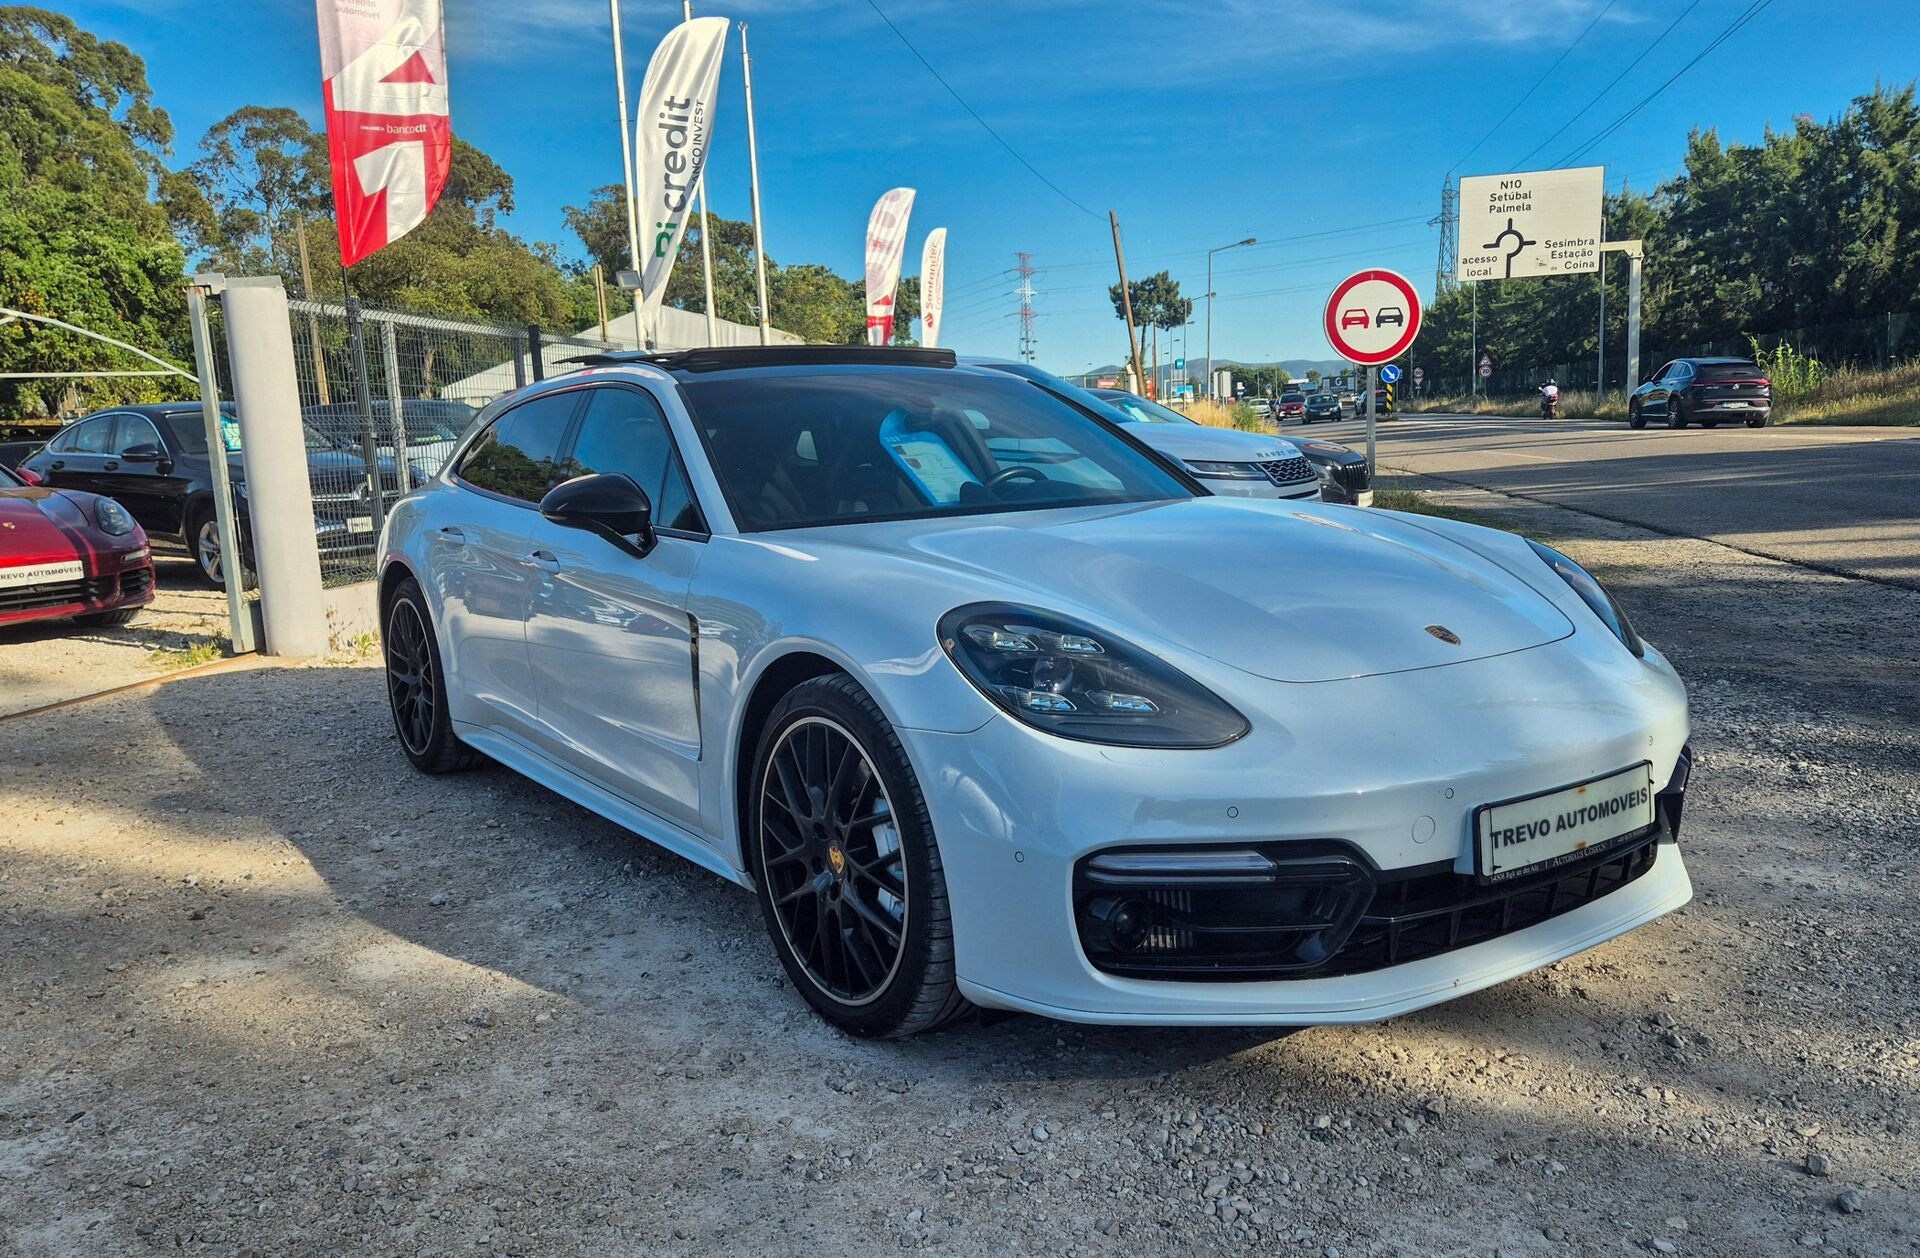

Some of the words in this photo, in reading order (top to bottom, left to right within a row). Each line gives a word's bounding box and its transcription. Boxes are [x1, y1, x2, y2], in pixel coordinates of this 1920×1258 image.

[693, 99, 705, 146] INVEST
[386, 124, 427, 134] bancoctt
[659, 95, 691, 213] credit
[1500, 179, 1522, 190] N10
[1489, 190, 1532, 202] Setúbal
[1489, 203, 1532, 214] Palmela
[1544, 238, 1595, 249] Sesimbra
[1462, 255, 1498, 264] acesso
[1551, 249, 1593, 260] Estação
[1564, 260, 1595, 270] Coina
[926, 243, 938, 310] Santander
[1466, 267, 1492, 277] local
[0, 572, 24, 580] REVO
[27, 566, 82, 577] AUTOMOVEIS
[1490, 818, 1551, 849] TREVO
[1555, 787, 1649, 833] AUTOMOVEIS

Your instructions
Print the listing verbatim; no pictures.

Task answer
Some of the words in this photo, in reading order (top to bottom, left to right within a row). Each line gives a word's bounding box and its transcription. Boxes are [x1, y1, x2, y2], in pixel coordinates of this 1920×1258 image.

[693, 99, 705, 146] INVEST
[386, 124, 427, 134] bancoctt
[659, 95, 691, 213] credit
[1500, 179, 1522, 190] N10
[1489, 190, 1532, 202] Setúbal
[1489, 203, 1532, 214] Palmela
[1544, 238, 1595, 249] Sesimbra
[1462, 255, 1498, 264] acesso
[1551, 249, 1593, 260] Estação
[1564, 260, 1595, 270] Coina
[926, 243, 938, 310] Santander
[1466, 267, 1492, 277] local
[0, 572, 24, 580] REVO
[27, 566, 82, 577] AUTOMOVEIS
[1490, 818, 1551, 849] TREVO
[1555, 787, 1649, 833] AUTOMOVEIS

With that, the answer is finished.